[58] See J.H. Burton's Hume, i. 174, for an account of him.
[59] Lord Macartney, who with his other distinguished qualities, is remarkable also for an elegant pleasantry, told me, that he met Johnson at Lady Craven's, and that he seemed jealous of any interference: 'So, (said his Lordship, smiling,) I kept back.' BOSWELL.
[60] See ante, i. 242.
[61] There is an account of him in Sir John Hawkins's Life of Johnson. BOSWELL. Hawkins (Life, p. 246) records the following sarcasm of Ballow. In a coffee-house he attacked the profession of physic, which Akenside, who was a physician as well as poet, defended. 'Doctor,' said Ballow, 'after all you have said, my opinion of the profession of physic is this. The ancients endeavoured to make it a science, and failed; and the moderns to make it a trade, and have succeeded.'
[62] See ante, i. 274.
[63] I have in vain endeavoured to find out what parts Johnson wrote for Dr. James. Perhaps medical men may. BOSWELL. See ante, i. 159. Johnson, needing medicine at Montrose, 'wrote the prescription in technical characters.' Boswell's Hebrides, Aug. 21, 1773.
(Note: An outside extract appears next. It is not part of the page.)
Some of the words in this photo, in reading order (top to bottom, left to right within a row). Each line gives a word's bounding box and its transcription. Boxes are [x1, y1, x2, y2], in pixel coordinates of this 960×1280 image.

[64] Horace Walpole, writing of May in this year, says that General Smith, an adventurer from the East Indies, who was taken off by Foote in The Nabob, 'being excluded from the fashionable club of young men of quality at Almack's, had, with a set of sharpers, formed a plan for a new club, which, by the excess of play, should draw all the young extravagants thither. They built a magnificent house in St. James's-street, and furnished it gorgeously.' Journal of the Reign of George III, ii. 39.
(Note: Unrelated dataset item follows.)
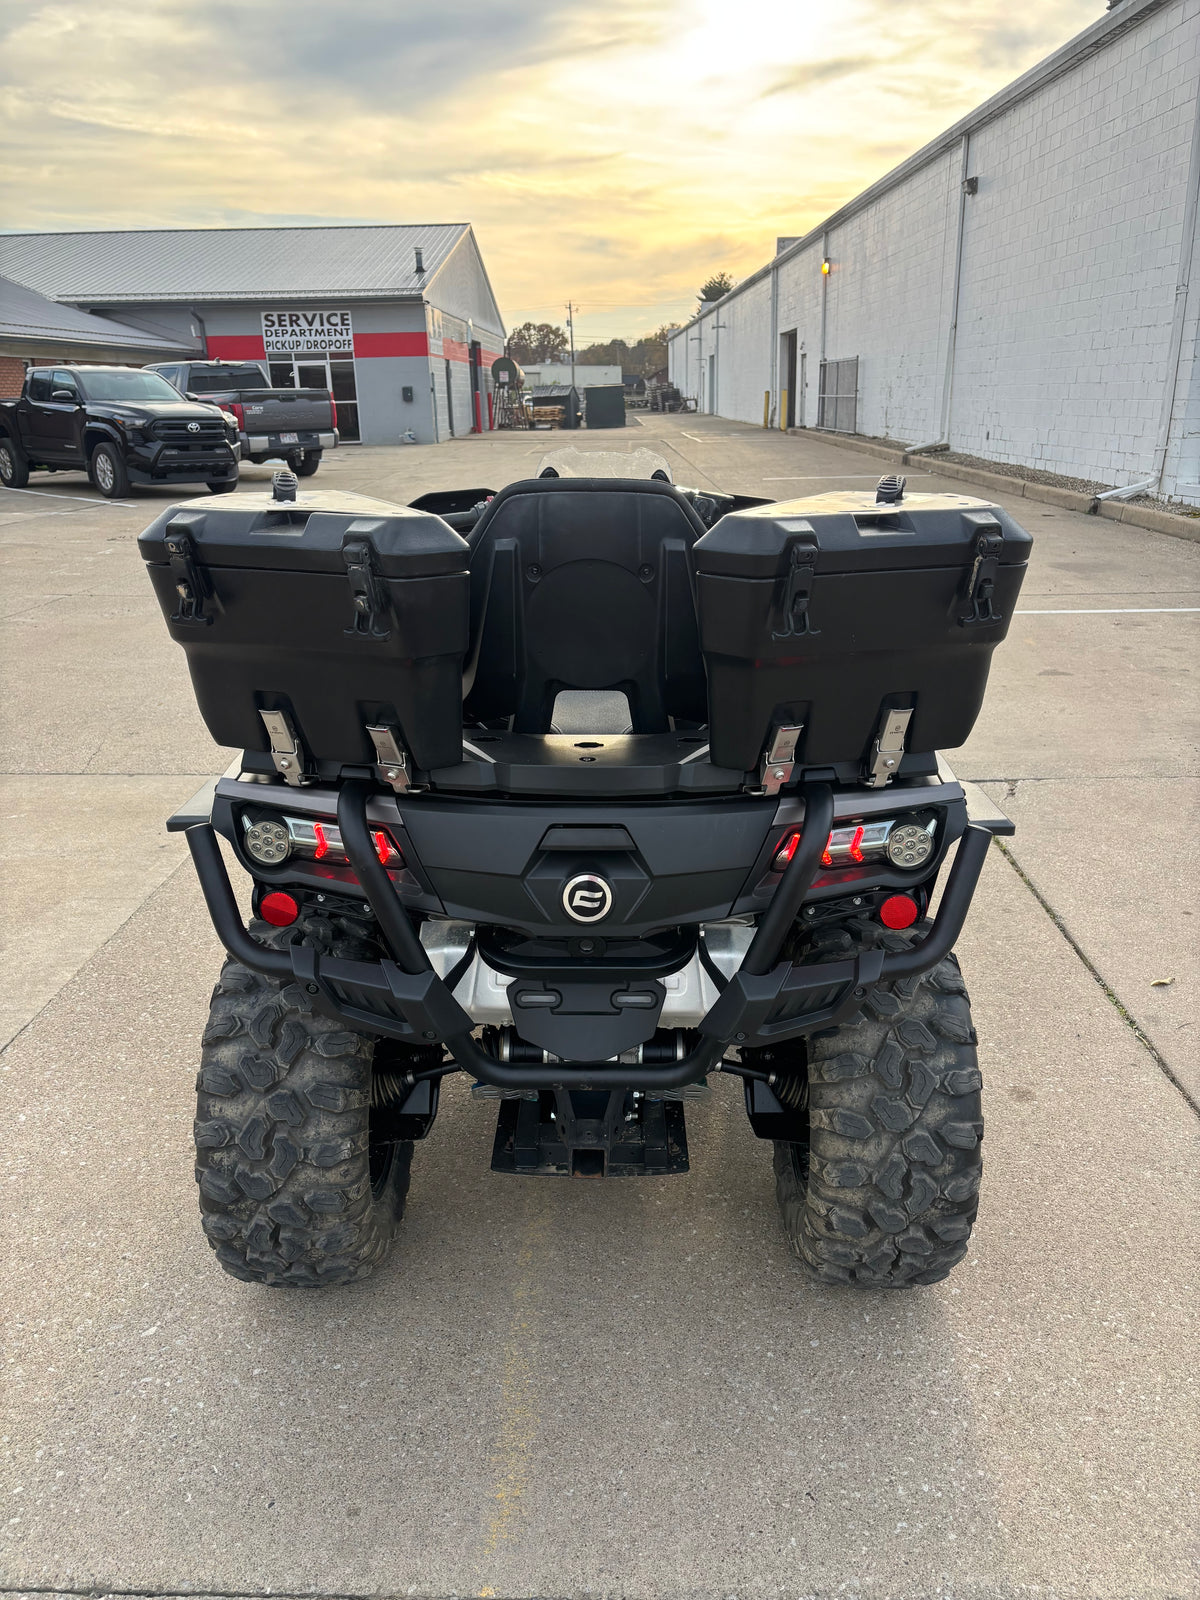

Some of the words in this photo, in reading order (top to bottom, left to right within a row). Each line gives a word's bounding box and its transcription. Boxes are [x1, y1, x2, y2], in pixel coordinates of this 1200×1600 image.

[65] He said the same when in Scotland. Boswell's Hebrides, under Nov. 22, 1773. On the other hand, in The Rambler, No. 80, he wrote:—'It is scarcely possible to pass an hour in honest conversation, without being able, when we rise from it, to please ourselves with having given or received some advantages; but a man may shuffle cards, or rattle dice, from noon to midnight, without tracing any new idea in his mind, or being able to recollect the day by any other token than his gain or loss, and a confused remembrance of agitated passions, and clamorous altercations.'
[66] 'Few reflect,' says Warburton, 'on what a great wit has so ingenuously owned. That wit is generally false reasoning.' The wit was Wycherley. See his letter xvi. to Pope in Pope's Works. Warburton's Divine Legation, i. xii.
[67] 'Perhaps no man was ever more happy than Dr. Johnson in the extempore and masterly defence of any cause which, at the given moment, he chose to defend.' Stockdale's Memoirs, i. 261.